Repeat the data exactly as given below, dropping every picture.

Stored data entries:
============

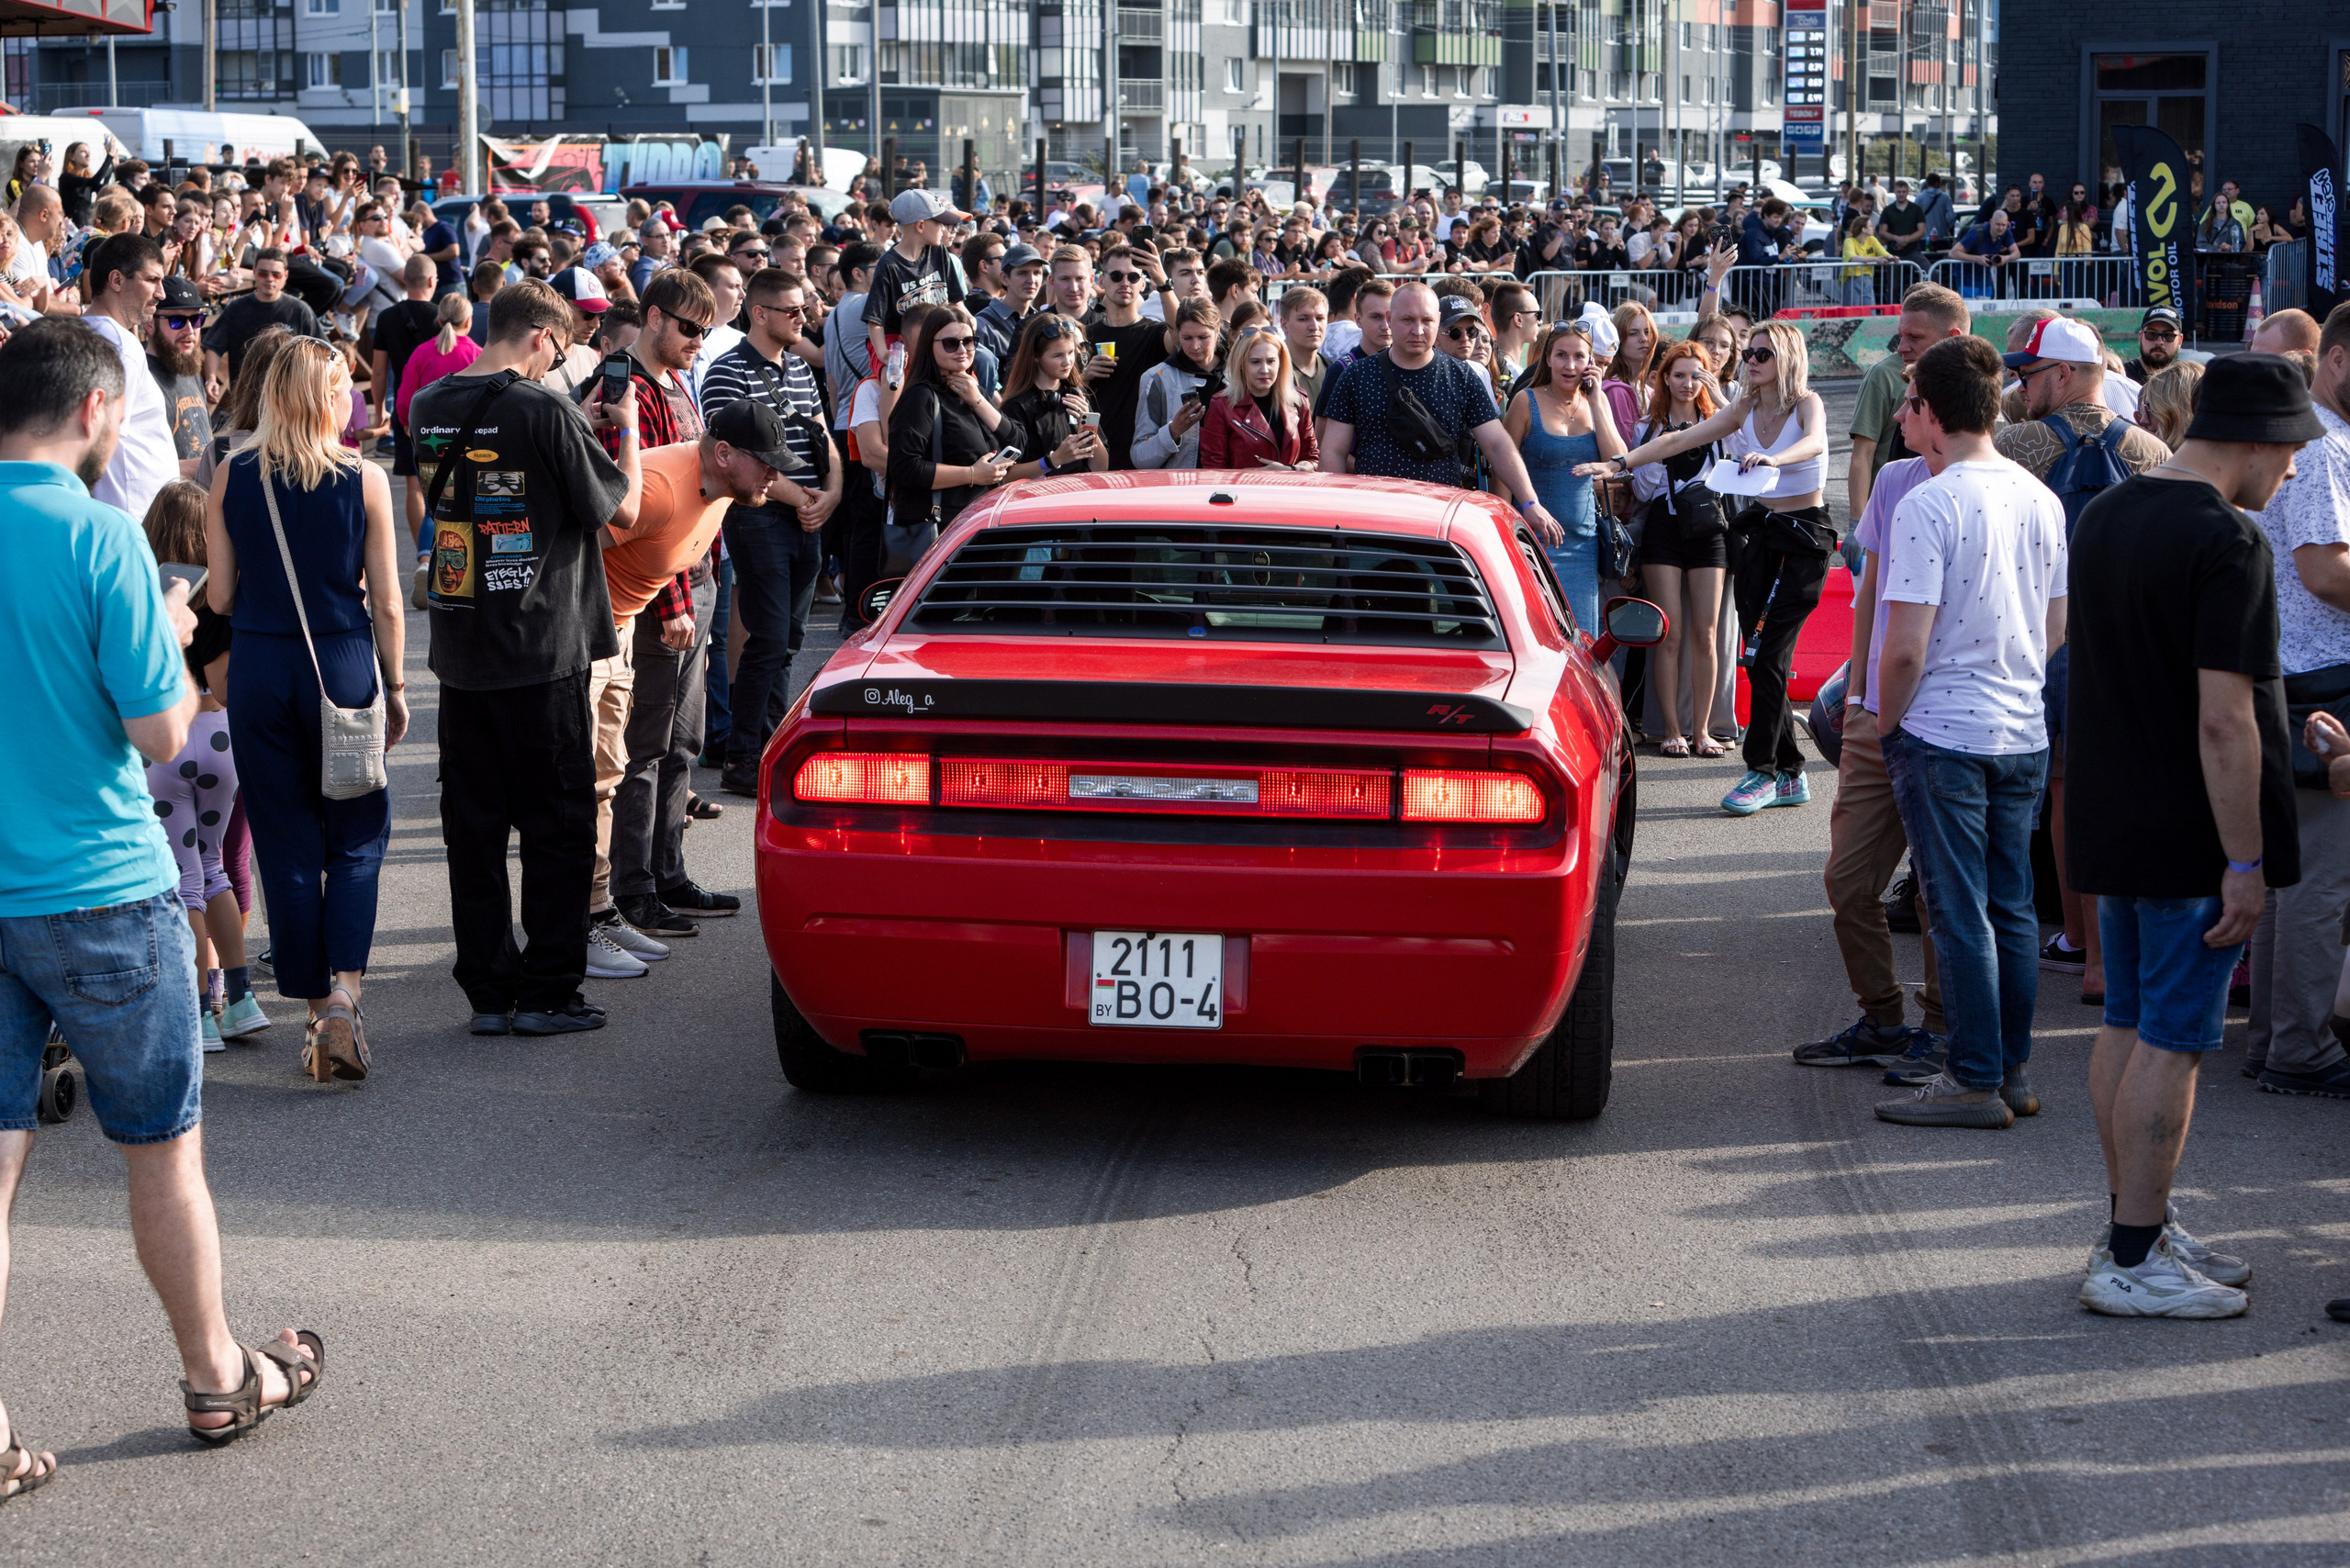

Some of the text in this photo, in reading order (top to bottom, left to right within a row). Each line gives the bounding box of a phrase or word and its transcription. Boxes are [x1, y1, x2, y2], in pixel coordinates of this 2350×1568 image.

[2310, 178, 2329, 289] STREET
[2167, 241, 2178, 265] OIL
[901, 270, 942, 294] US OPEN
[420, 425, 461, 435] Ordinary
[477, 517, 531, 535] PATTERN
[485, 566, 534, 581] EYEGLA
[1426, 704, 1476, 724] R/T
[1111, 937, 1194, 978] 2111
[1096, 980, 1217, 1022] BY BO-4
[2109, 1276, 2132, 1294] FILA

============

Response:
Some of the text in this photo, in reading order (top to bottom, left to right within a row). Each line gives the bounding box of a phrase or word and its transcription. Boxes are [x1, y1, x2, y2], in pixel coordinates of this 2350×1568 image.

[2310, 178, 2329, 289] STREET
[2167, 241, 2178, 265] OIL
[901, 270, 942, 294] US OPEN
[420, 425, 461, 435] Ordinary
[477, 517, 531, 535] PATTERN
[485, 566, 534, 581] EYEGLA
[1426, 704, 1476, 724] R/T
[1111, 937, 1194, 978] 2111
[1096, 980, 1217, 1022] BY BO-4
[2109, 1276, 2132, 1294] FILA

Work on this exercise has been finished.